Davis earned first-team All-America honors as a freshman at Kentucky in 2011-12, then opted for the NBA. The first player picked in the 2012 draft, he is establishing himself as a budding star for the New Orleans Pelicans.
Like Davis, Owens combines the length to play the 5 position (center) with the agility to play the 4 (power forward).
"He's a hybrid 4," Wise said. "He's a little thin but you'll be surprised with his toughness. He catches everything and he runs like a deer. He can shoot left-handed or right-handed. He's equal with both hands.

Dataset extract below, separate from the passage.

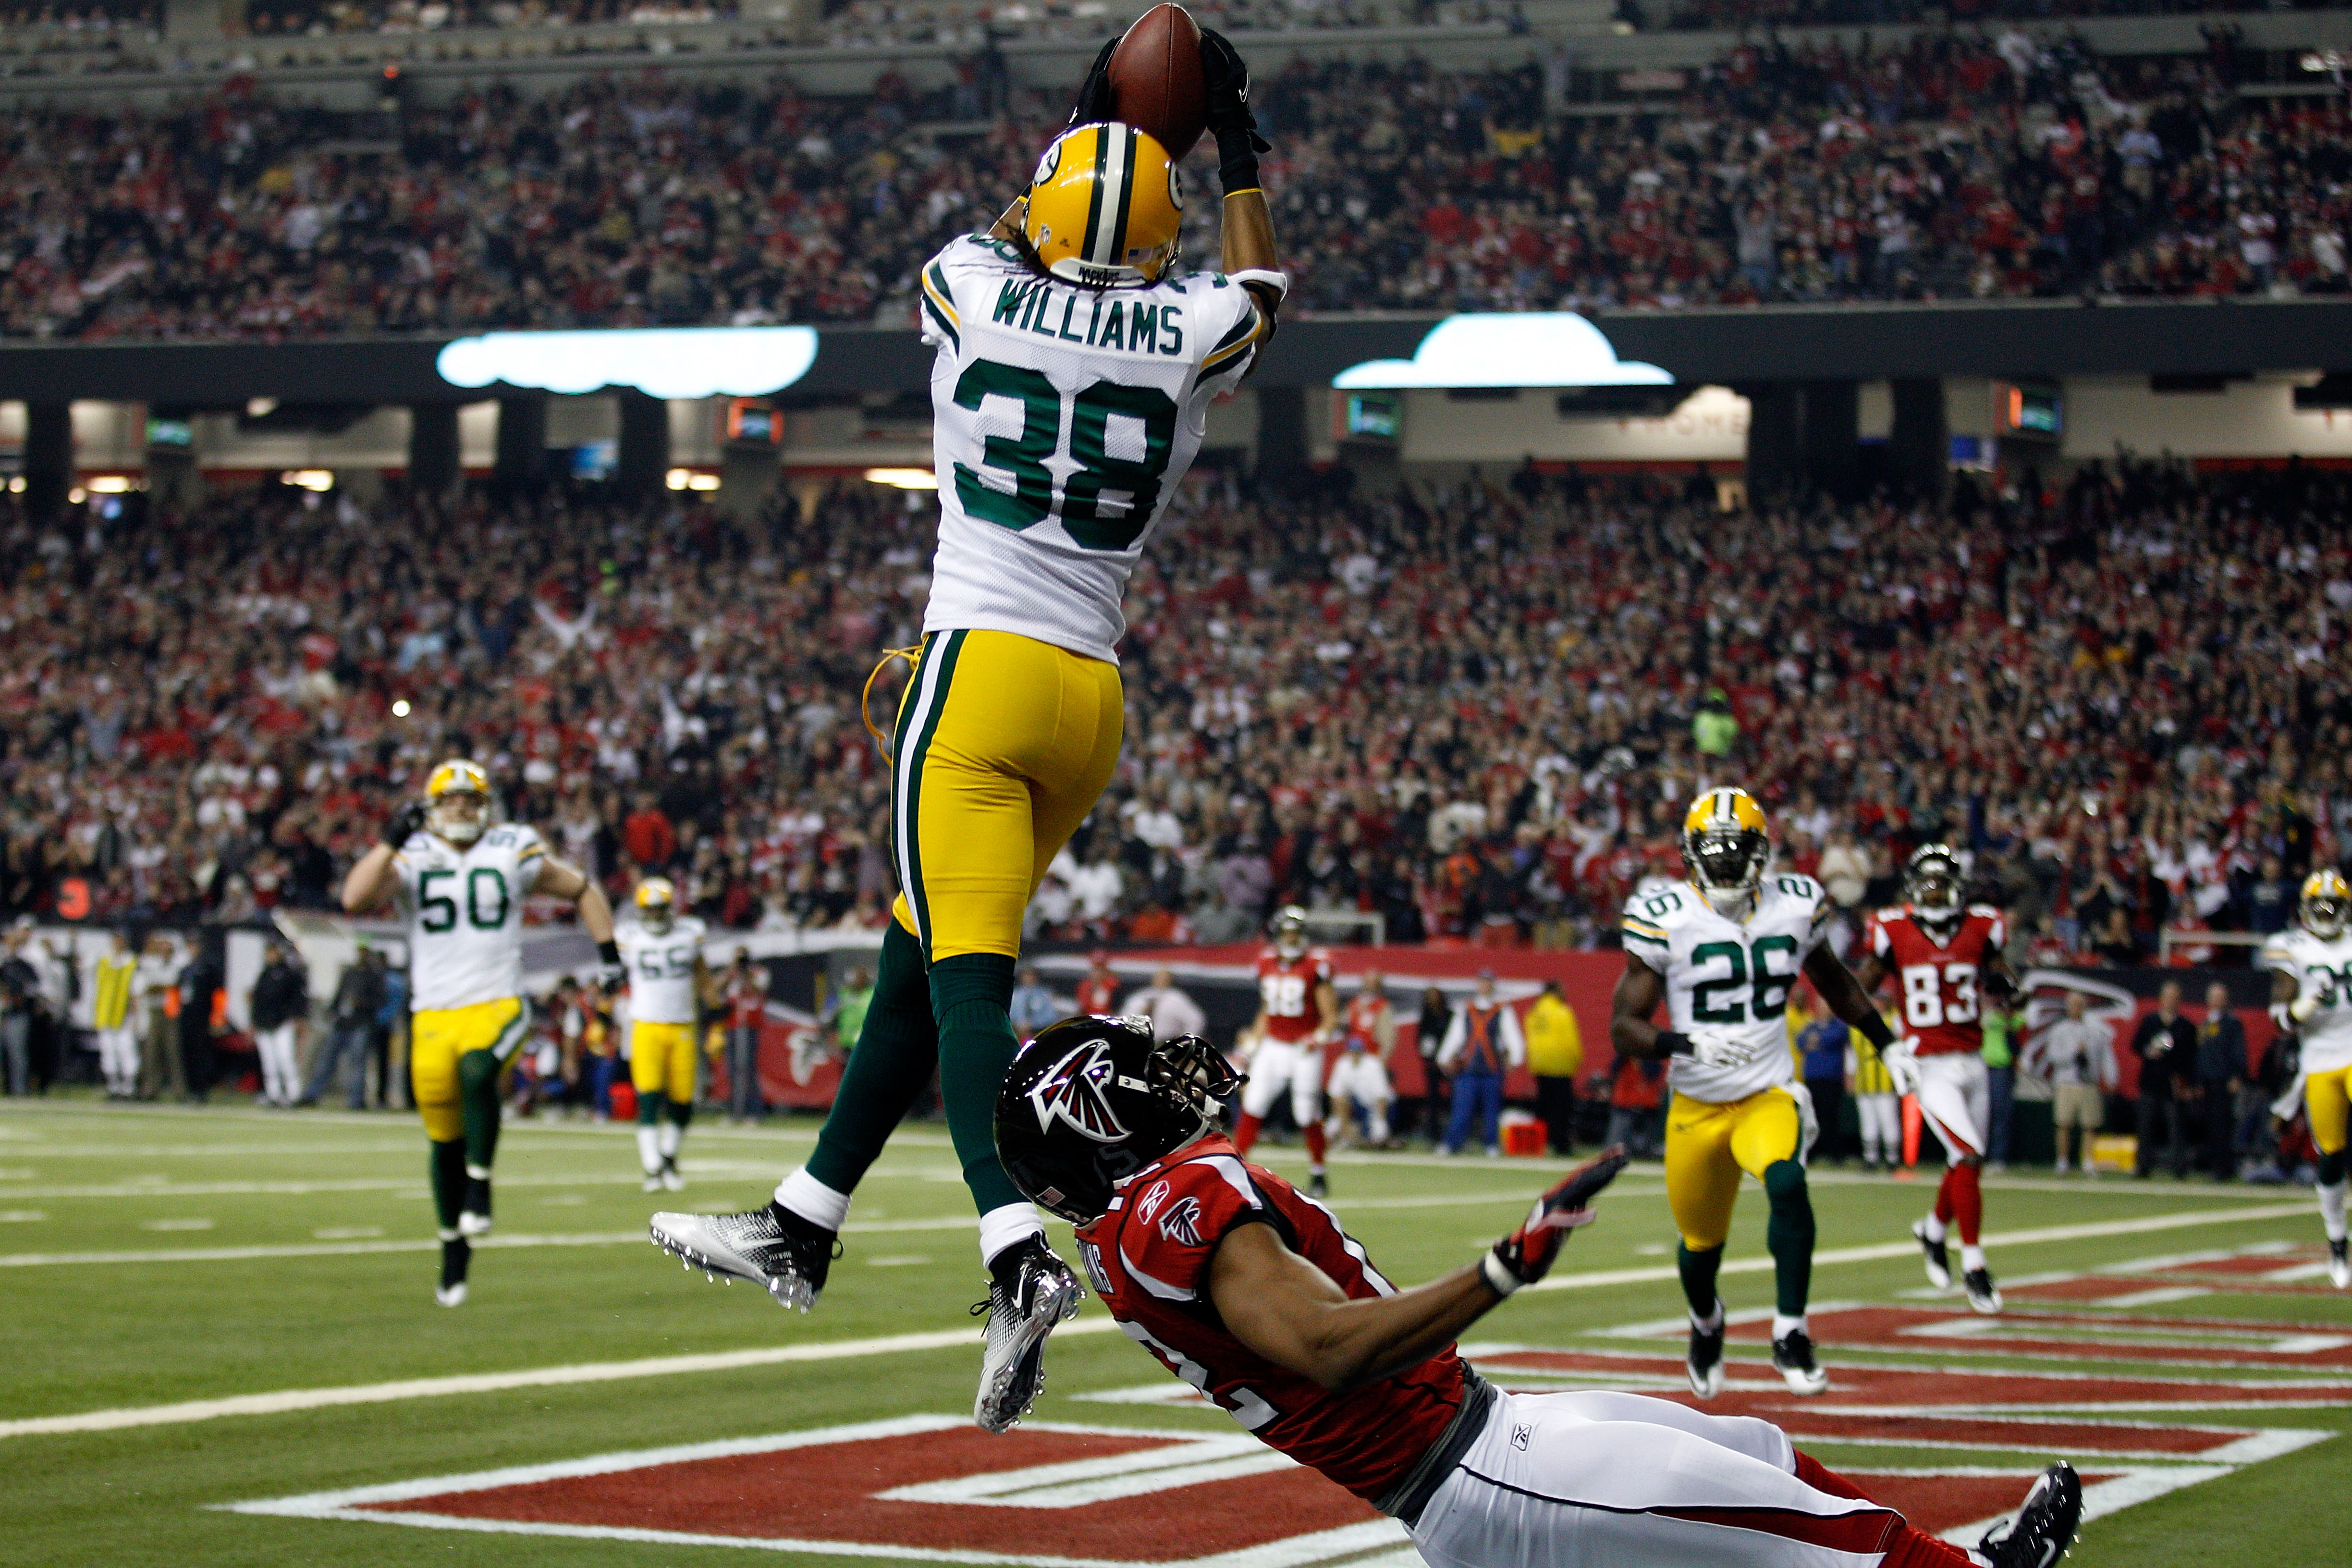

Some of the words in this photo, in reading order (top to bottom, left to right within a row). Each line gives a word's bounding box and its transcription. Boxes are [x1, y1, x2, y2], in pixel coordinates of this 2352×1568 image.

That makes it tough to get a good read on him because he's explosive off both feet."
Scout recruiting analysts Evan Daniel and Brian Snow believe the Vols got themselves a quality prospect in young Owens.
"Tariq is a kid with a lot of natural ability," Snow said. "He is long and athletic, blocks shots, will rebound, and can hit jumpers from the mid-range. He needs to get stronger and continue to develop his offensive game, but there are some definite tools to work with."
Daniels agrees, noting: "I've been very impressed with Owens' mobility, athleticism and ability to get his hands on shots. For his size, he has a nice set of hands, good touch around the basket and is capable of making mid-range shots."
Rodrick Harrison, Owens' head coach at Mt. Shiloh Prep in Baltimore last winter, said his star player averaged "about 15 points, about 10 rebounds and 4½ blocks" in 2013-14. His AAU coach believes Owens' breakout performance may have come last summer.
"We played against Virginia Assault," Wise recalled, "and Tyriq had about 23 points, 8 blocks and 11 rebounds. That's when I knew he was going to be a great player."
Whereas a lot of "bigs" tend to pace themselves, Owens plays the game with hustle on every possession.
"The motor separates him from a lot of kids," Wise said. "He plays with energy and doesn't get tired. He's diving on the floor, blocking shots and still can shoot. He's like (Oklahoma City Thunder superstar) Kevin Durant in that way: He'll do anything he can to help his team win."
One thing Tariq Owens does to help his team win is protect the basket. Even when he isn't blocking a shot, he's forcing an opponent to rush it or change its trajectory.
"What makes Tariq so special is his ability to change the game defensively with what he brings to the table athletically," Wise said. "He's a naturally great shot-blocker. He's really good at changing the game defensively, protecting the rim and blocking shots. And he can face up (for perimeter shots) out to about 19 feet."
Rated a three-star recruit by Scout, Owens might be a five-star prospect if he had more meat on his bones.
"He's about 15 to 20 pounds from being a great player," Wise said, "no matter the conference."
Owens is the eighth player to cast his lot with new Tennessee coach Donnie Tyndall this spring. Already signed are 6-foot-9 transfer Eric McKnight (Florida Gulf Coast), 6-foot-8 Willie Carmichael (Apopka, Fla.), 6-foot-8 Jabari McGhee (Hargrave Military Academy), 6-foot-5 JUCO Devon Baulkman (Gulf Coast State College), 6-foot-4 JUCO All-American Kevin Punter (State Fair Community College), 6-foot-3 Detrick Mostella (Notre Dame Prep in Massachusetts) and 6-foot-1 transfer Ian Chiles (IUPUI).
With rising sophomore point guard Darius Thompson transferring from Tennessee to Virginia, the Vols are at the NCAA limit of 13 scholarship players. Rising senior post Rawane Ndiaye is believed to be leaving the program, as well, which would open up one more scholarship.